Extracted records:
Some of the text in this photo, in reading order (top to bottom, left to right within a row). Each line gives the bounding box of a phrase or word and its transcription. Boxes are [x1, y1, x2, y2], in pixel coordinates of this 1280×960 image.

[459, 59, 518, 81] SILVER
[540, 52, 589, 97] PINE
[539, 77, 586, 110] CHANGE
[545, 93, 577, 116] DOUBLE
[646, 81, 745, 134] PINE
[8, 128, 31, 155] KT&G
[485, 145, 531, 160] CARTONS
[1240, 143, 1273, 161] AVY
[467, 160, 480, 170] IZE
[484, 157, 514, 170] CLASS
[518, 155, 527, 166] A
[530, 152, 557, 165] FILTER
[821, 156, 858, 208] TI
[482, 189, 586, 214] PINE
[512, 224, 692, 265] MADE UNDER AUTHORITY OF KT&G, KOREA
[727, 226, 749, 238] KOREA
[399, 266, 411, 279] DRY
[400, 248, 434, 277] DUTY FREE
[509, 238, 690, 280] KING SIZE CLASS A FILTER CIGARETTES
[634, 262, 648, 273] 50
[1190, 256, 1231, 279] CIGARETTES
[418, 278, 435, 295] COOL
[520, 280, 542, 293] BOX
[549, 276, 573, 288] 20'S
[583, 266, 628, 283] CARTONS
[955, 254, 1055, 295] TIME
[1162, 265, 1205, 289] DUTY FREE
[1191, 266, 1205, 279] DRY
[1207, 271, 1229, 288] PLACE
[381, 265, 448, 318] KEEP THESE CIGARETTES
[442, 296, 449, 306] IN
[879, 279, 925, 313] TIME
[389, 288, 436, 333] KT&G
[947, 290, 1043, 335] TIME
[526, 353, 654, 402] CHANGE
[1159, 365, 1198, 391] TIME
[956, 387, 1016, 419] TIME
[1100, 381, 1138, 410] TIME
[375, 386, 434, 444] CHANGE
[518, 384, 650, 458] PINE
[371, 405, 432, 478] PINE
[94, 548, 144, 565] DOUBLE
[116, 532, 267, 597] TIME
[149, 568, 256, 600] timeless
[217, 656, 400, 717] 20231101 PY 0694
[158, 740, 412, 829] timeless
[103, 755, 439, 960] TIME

Activity: In the listing, find all lines with the string "PINE" and copy them.

Your response:
[540, 52, 589, 97] PINE
[646, 81, 745, 134] PINE
[482, 189, 586, 214] PINE
[518, 384, 650, 458] PINE
[371, 405, 432, 478] PINE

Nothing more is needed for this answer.